Looking at fiddler, I'm exhausting some pool of connections or threads very quickly and about 30 or so requests go off all at once. After that, the application starts to slow down and the throughput of requests looks to be tied to the responsiveness of the URI I'm hitting. As a 200 comes back, another request goes out.
The containing function is inside an async{} block (hence the let!).
What I want to do is completely ignore the response but if I change the line to ...
Http.AsyncRequestString(url, httpMethod = "POST", headers = getHeaders, body = getFormVals, silentHttpErrors = true) |> ignore
...no requests get dispatched at all. I have no idea why that's the case.

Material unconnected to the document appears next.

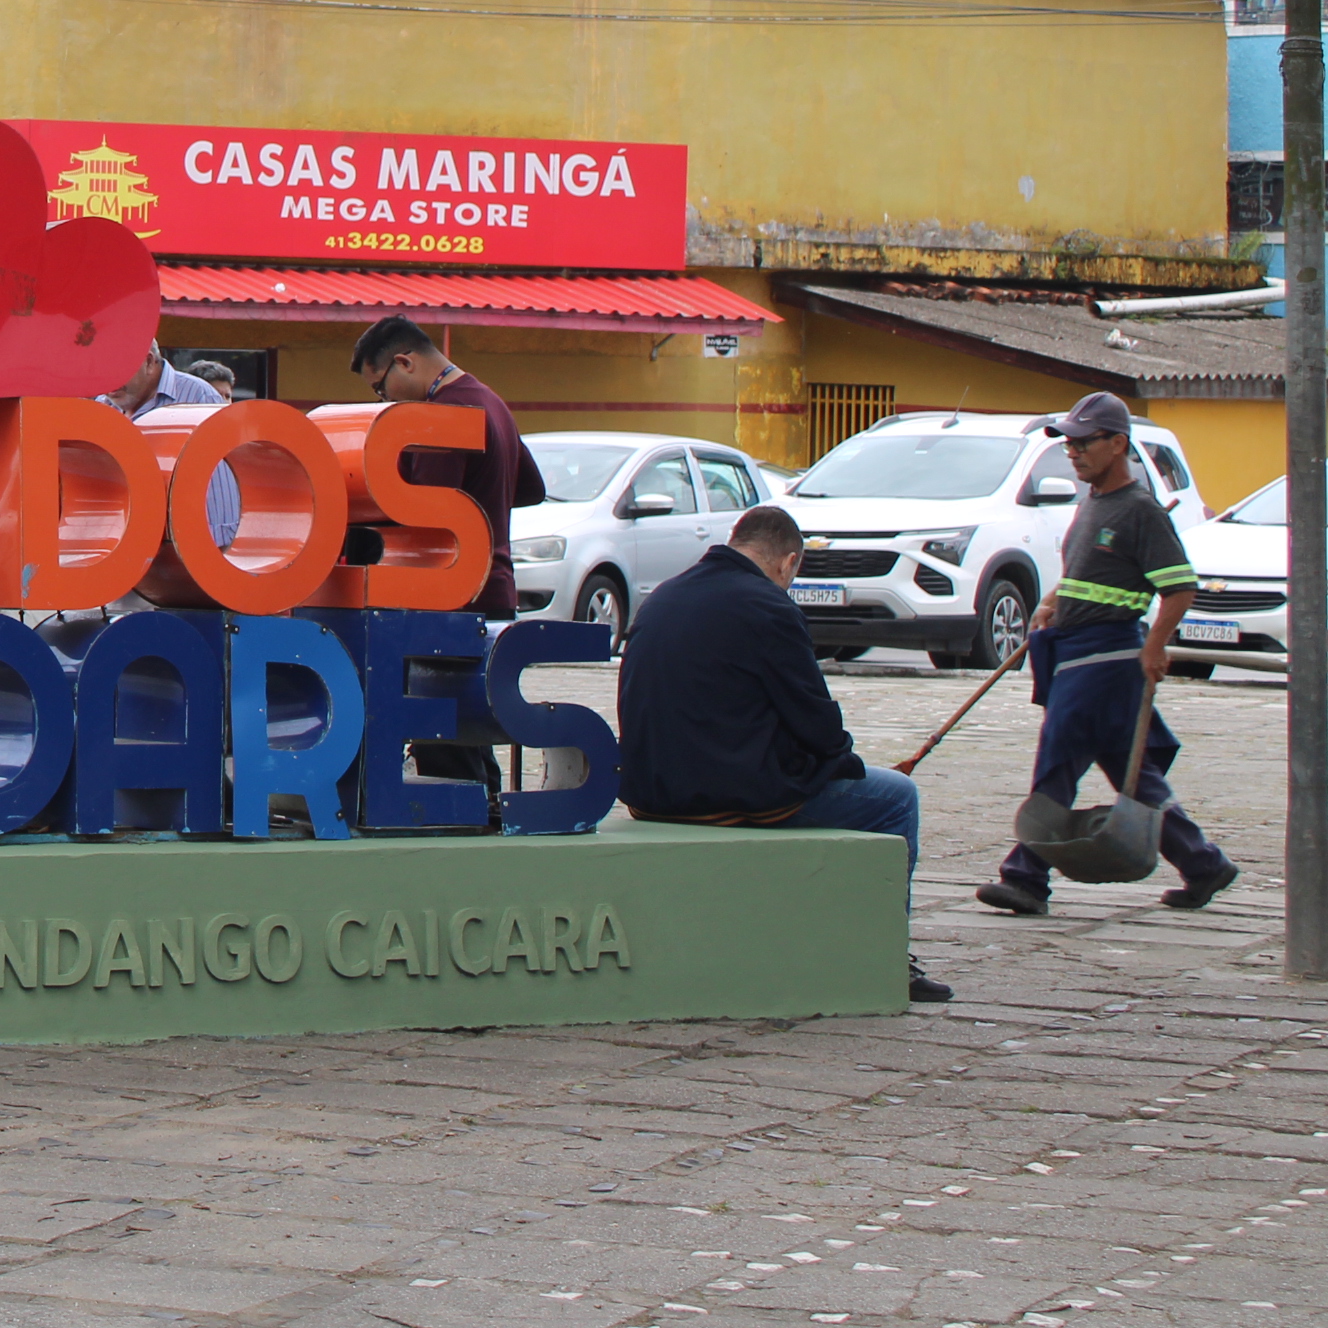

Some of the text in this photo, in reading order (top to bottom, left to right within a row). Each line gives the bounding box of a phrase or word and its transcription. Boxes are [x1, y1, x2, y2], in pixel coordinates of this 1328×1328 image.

[183, 140, 636, 198] CASAS MARINGÁ
[86, 193, 121, 216] CM
[280, 195, 529, 228] MEGA STORE
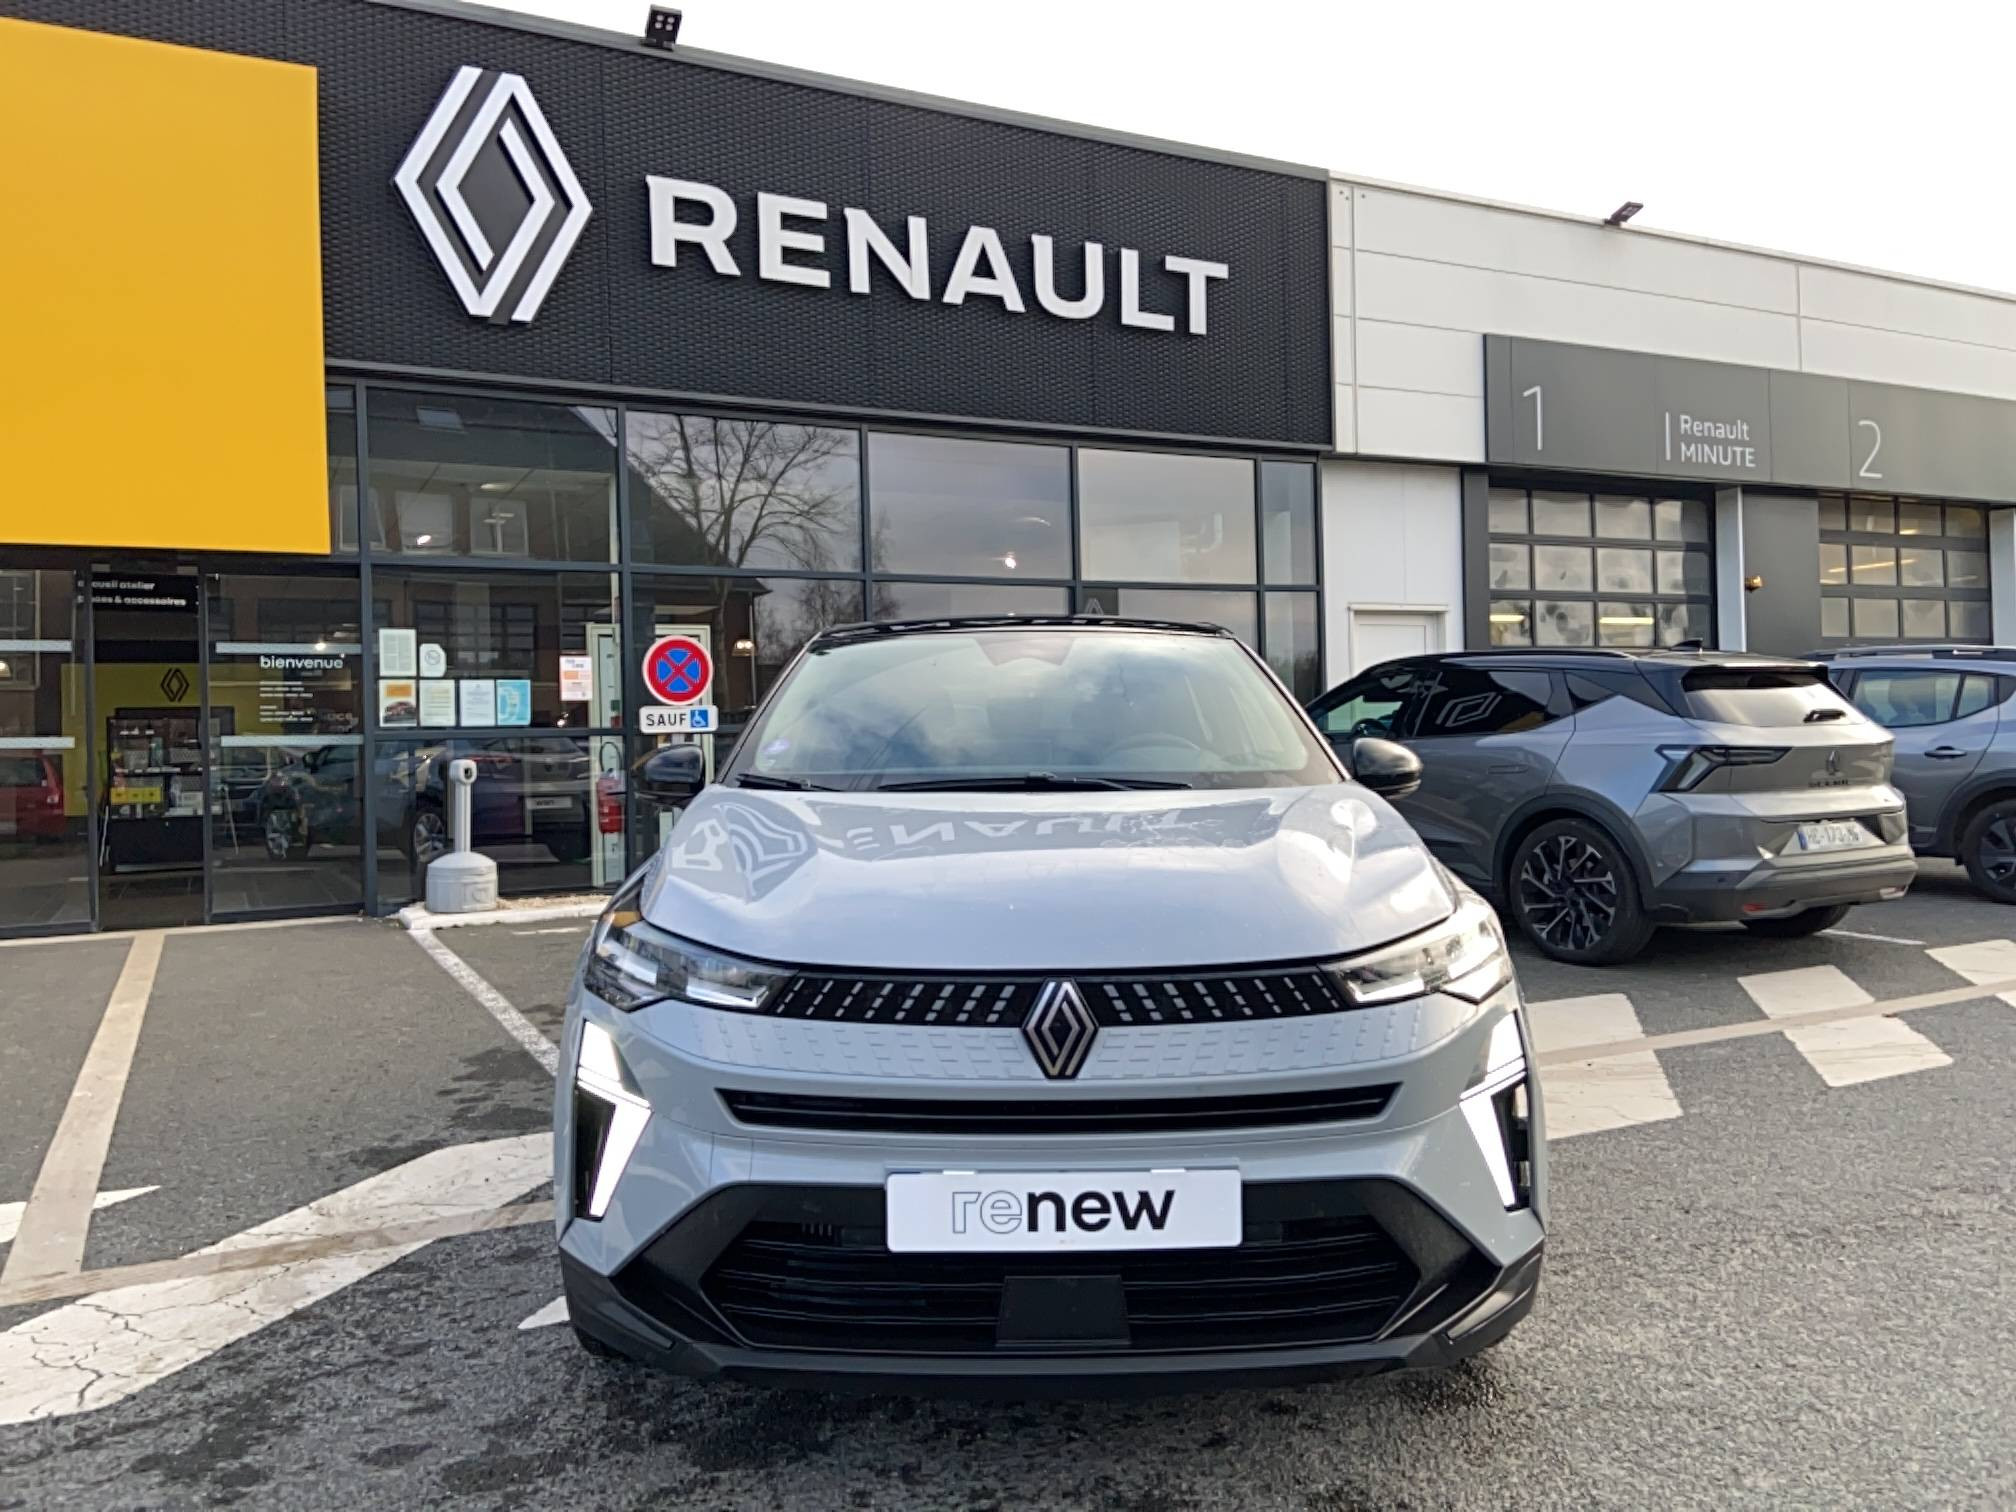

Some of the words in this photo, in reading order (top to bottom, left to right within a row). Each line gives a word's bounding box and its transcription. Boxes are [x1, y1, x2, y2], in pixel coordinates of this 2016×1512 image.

I'm relatively new to F# and very new to this particular library (http://fsharp.github.io/FSharp.Data/library/Http.html). Are there any options I have to instruct the library that I don't care what the response is and not to block or is there something I can do with the language to help?
If you're hitting the web server from the same client, you most likely run into client throttling on the server. It's quite normal for web servers to only allow a limited number of requests coming from the same client. Further requests are queued and only handled when one of the active requests are completed.
Exactly how many concurrent client requests a server allows is dependent on the specific server software, and how it's configured, but the number is typically measured in single or double digits.
The first time I was bitten by this issue was about 10 years ago, and back then, 2 concurrent client connections was all I got.
Please note that a web server will typically gladly handle thousands of concurrent requests, as long as they come from different clients.
Thus, you can't stress test an HTTP-based service from a single client. You need a distributed group of clients for that. Stress testing is difficult.